== PROBLEM STATEMENT ==
Copy out every entry that follows, without a single picture.

== INFORMATION ==
▬▬▬

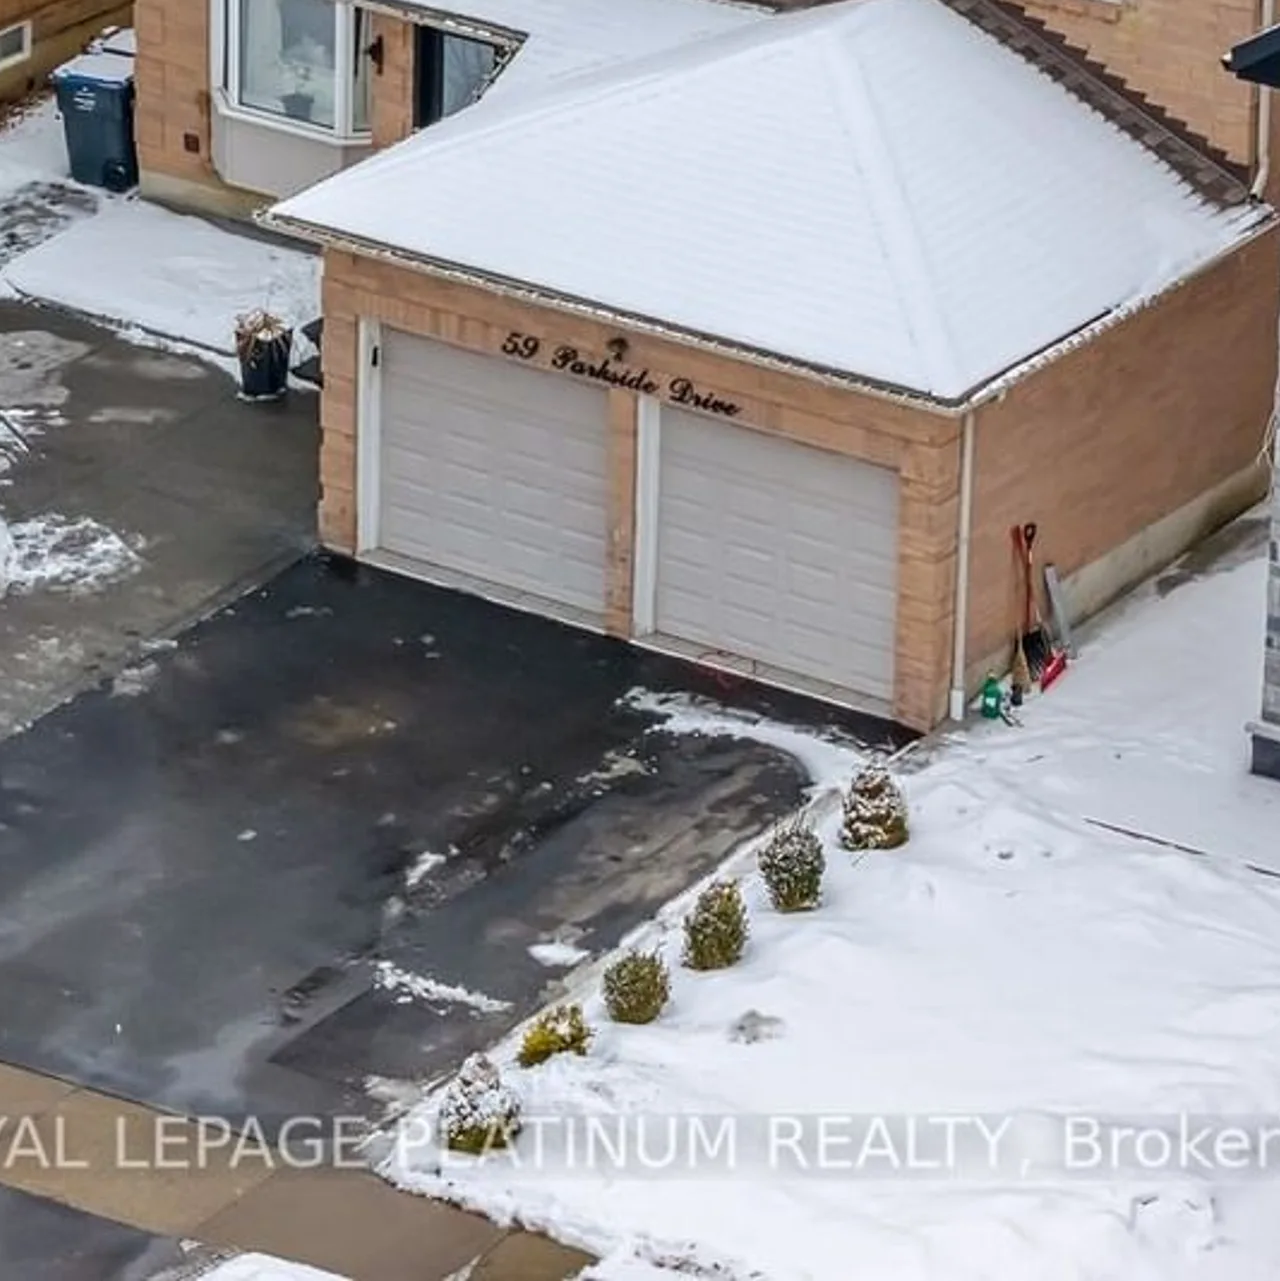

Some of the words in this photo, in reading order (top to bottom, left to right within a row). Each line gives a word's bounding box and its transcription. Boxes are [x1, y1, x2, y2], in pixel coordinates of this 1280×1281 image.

[501, 332, 540, 359] 59
[551, 345, 660, 394] Parkside
[668, 377, 743, 417] Drive
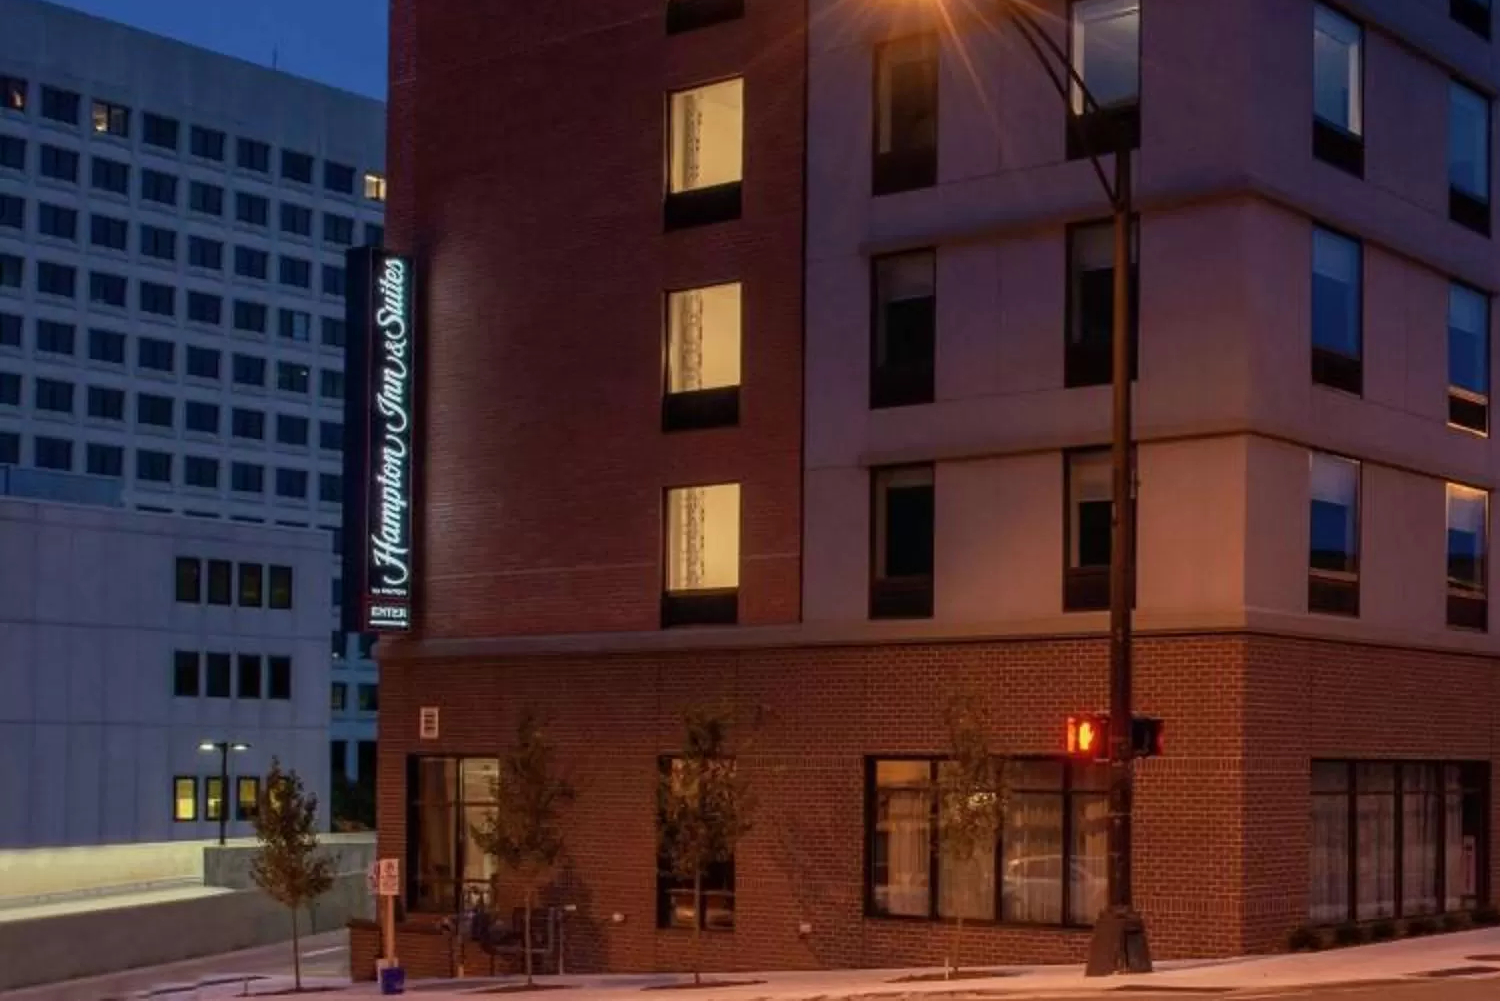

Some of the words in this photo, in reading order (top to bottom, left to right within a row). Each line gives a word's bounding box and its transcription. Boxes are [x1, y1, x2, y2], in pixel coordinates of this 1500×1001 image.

▬▬▬

== FINISHED TASK ==
Some of the words in this photo, in reading order (top to bottom, left to right within a row). Each line gives a word's bounding box and its transcription. Boxes are [x1, y1, x2, y2], in pixel coordinates of this 1280×1281 image.

[501, 332, 540, 359] 59
[551, 345, 660, 394] Parkside
[668, 377, 743, 417] Drive

Some of the words in this photo, in reading order (top to bottom, left to right within a row). Each line gives a word's bounding box and its transcription. Boxes are [x1, y1, x2, y2], in pixel coordinates of this 1500×1001 image.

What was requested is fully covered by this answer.